Time has flown. Mid August already; 7 months since I submitted my initial 4 images to the Alamy stock agency. In an ideal world I'd be a millionaire by now - all photographers are rich, aren't they? - but reality has this nasty habit of trampling on one's dreams. I've sold one image so far.
Heuchera 'Chocolate Ruffles' |
Yes.
At which point the novice photographer starts to think 'Bugger this for a game of soldiers' and goes back to flipping burgers for a living. Myself, being of more mature years (OK, I'm old), have a slightly different, longer term perspective.
It takes time to build a portfolio of images. After 7 months I've got 832 on sale (as of 16 August 2014).
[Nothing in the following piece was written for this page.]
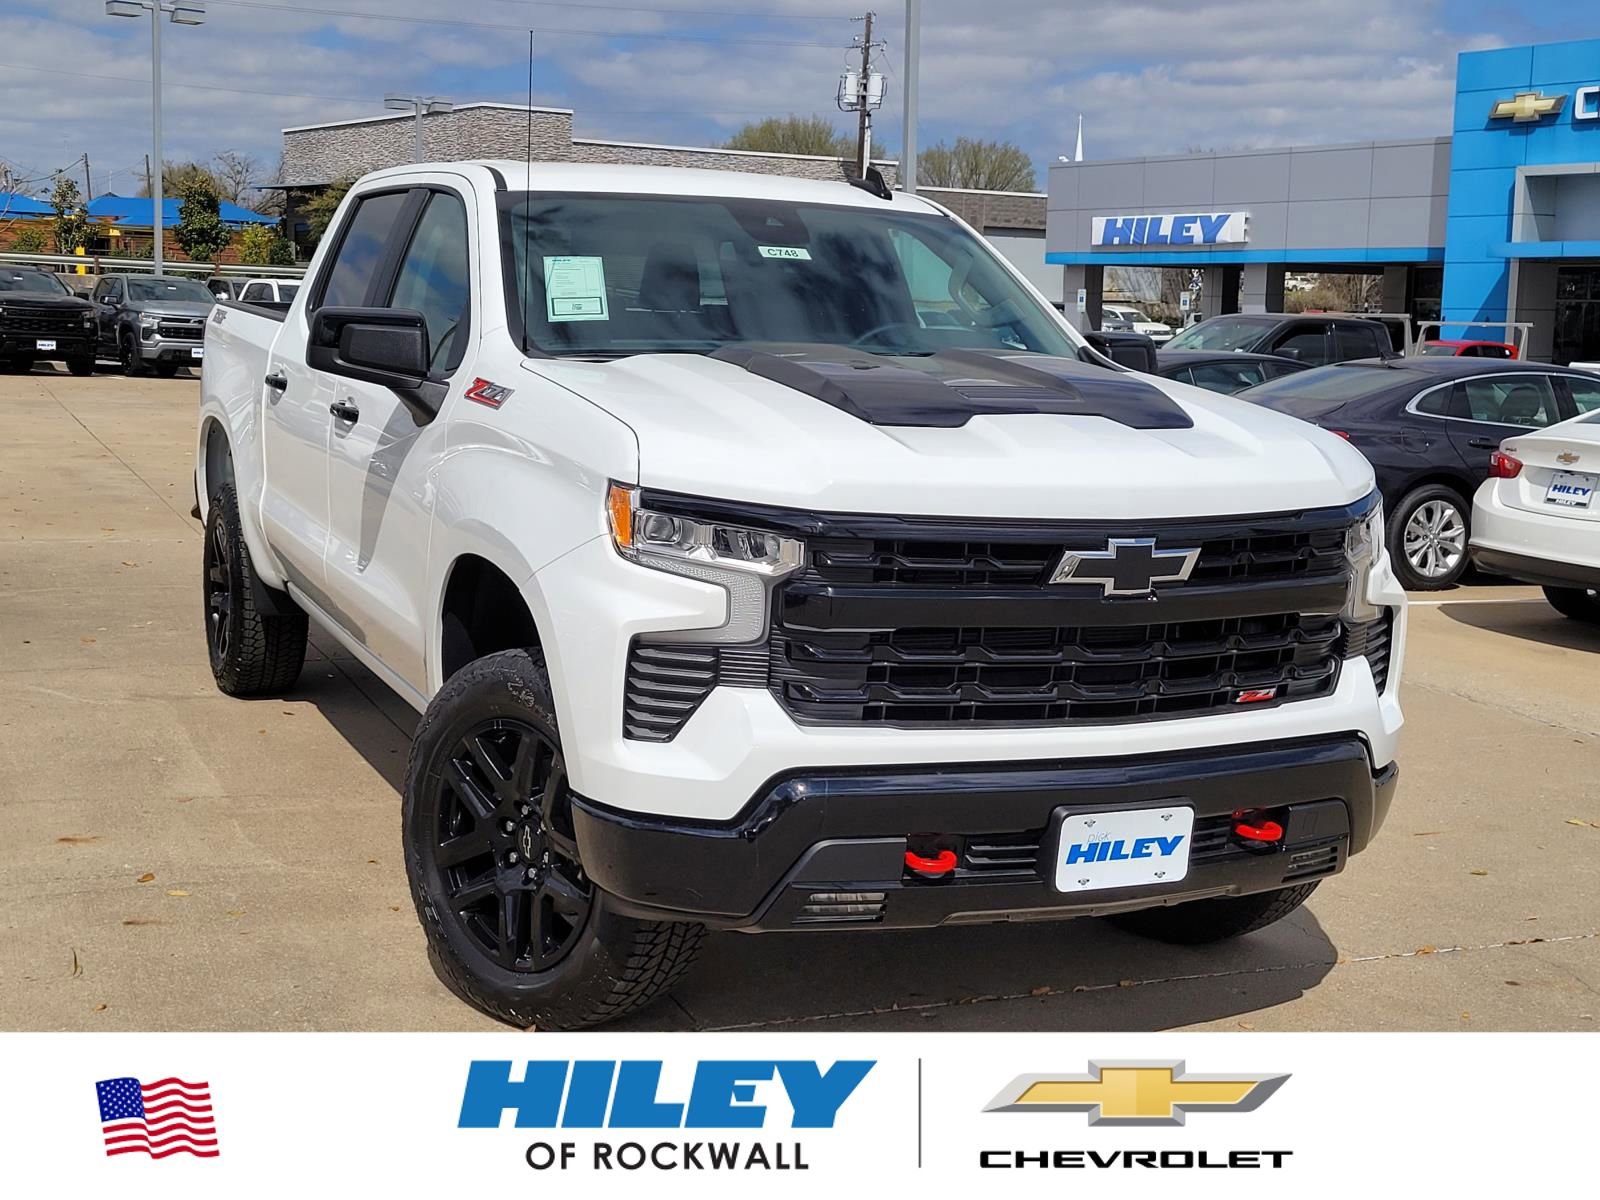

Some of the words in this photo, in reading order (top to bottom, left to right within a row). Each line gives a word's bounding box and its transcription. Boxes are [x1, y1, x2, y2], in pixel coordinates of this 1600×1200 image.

[1102, 214, 1231, 245] HILEY
[767, 248, 799, 258] C748
[1552, 484, 1591, 496] HILEY
[1065, 835, 1185, 865] HILEY
On average I'm uploading to Alamy about 100 or so shots a month so it will be a year or three before I've got a more respectable image bank up for licence. Even then it depends entirely on the needs of the buyers. If you haven't got what they're looking for you make no sales. And with the type of editorial shots I take - plants and gardens, insect macro, a few general shots - the pool of buyers is bound to be limited. Even if they do buy it can take a month or more for the sale to show up. In this game 7 months is a very short time and 832 images a small portfolio. My images simply haven't had enough visibility to generate more than the one sale.
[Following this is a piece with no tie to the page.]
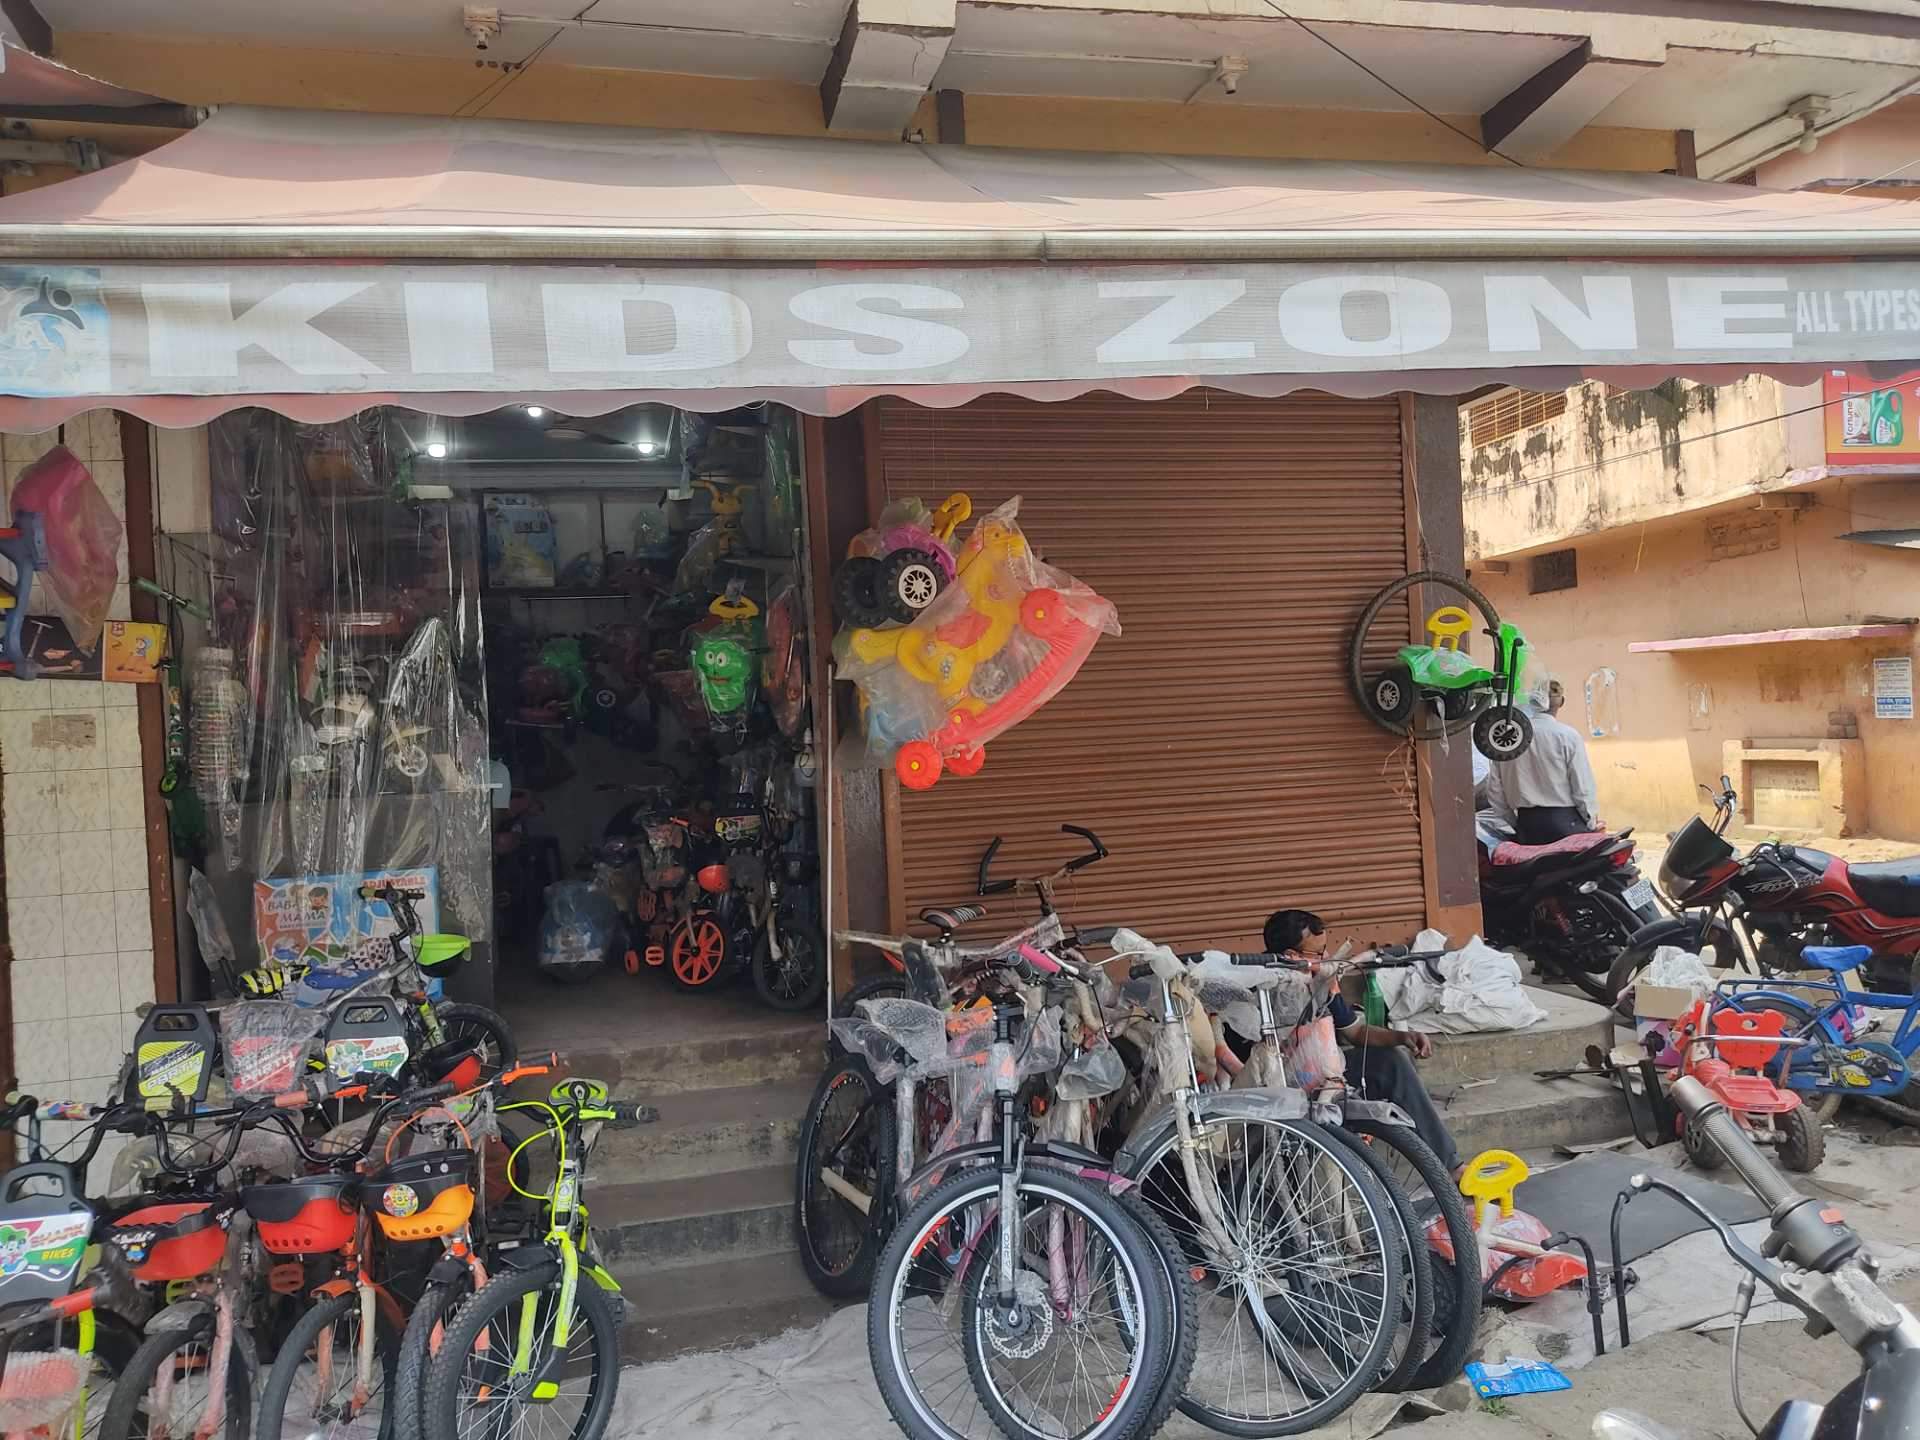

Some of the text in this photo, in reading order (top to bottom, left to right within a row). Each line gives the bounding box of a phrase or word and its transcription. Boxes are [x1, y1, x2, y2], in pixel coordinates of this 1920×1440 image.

[141, 275, 1794, 377] KIDS ZONE
[1796, 288, 1920, 332] ALL TYPES
So, how do you know whether more sales are in prospect? The short answer is that you don't. But Alamy provides some very good tools for getting a feel of the market place. When a registered buyer does an image search they're presented with pages of images (120 seems to be the default) whose keywords match the search terms. If a thumbnail of one of your images is presented to the buyer you score a view. If they click on it to look at a larger image you score a zoom. The number of zooms divided by the number of views, multiplied by 100, provides a “Click Through Rate”(CTR). Here's my figures:
Not a vast amount of views - I'm a specialist, remember - but a good CTR from the number of zooms. Analysis of the views indicates that a high percentage are relevant to the search term. All of which suggests two things. Firstly, my images are being seen by buyers who are actually looking for those type of images. Secondly, having seen them, there is sufficient interest to give them a closer look. Non of which guarantees sales, of course. Competition is always there, both within Alamy and through other agencies. But it's encouraging - and that, at this point in my Alamy experience, is what keeps me uploading.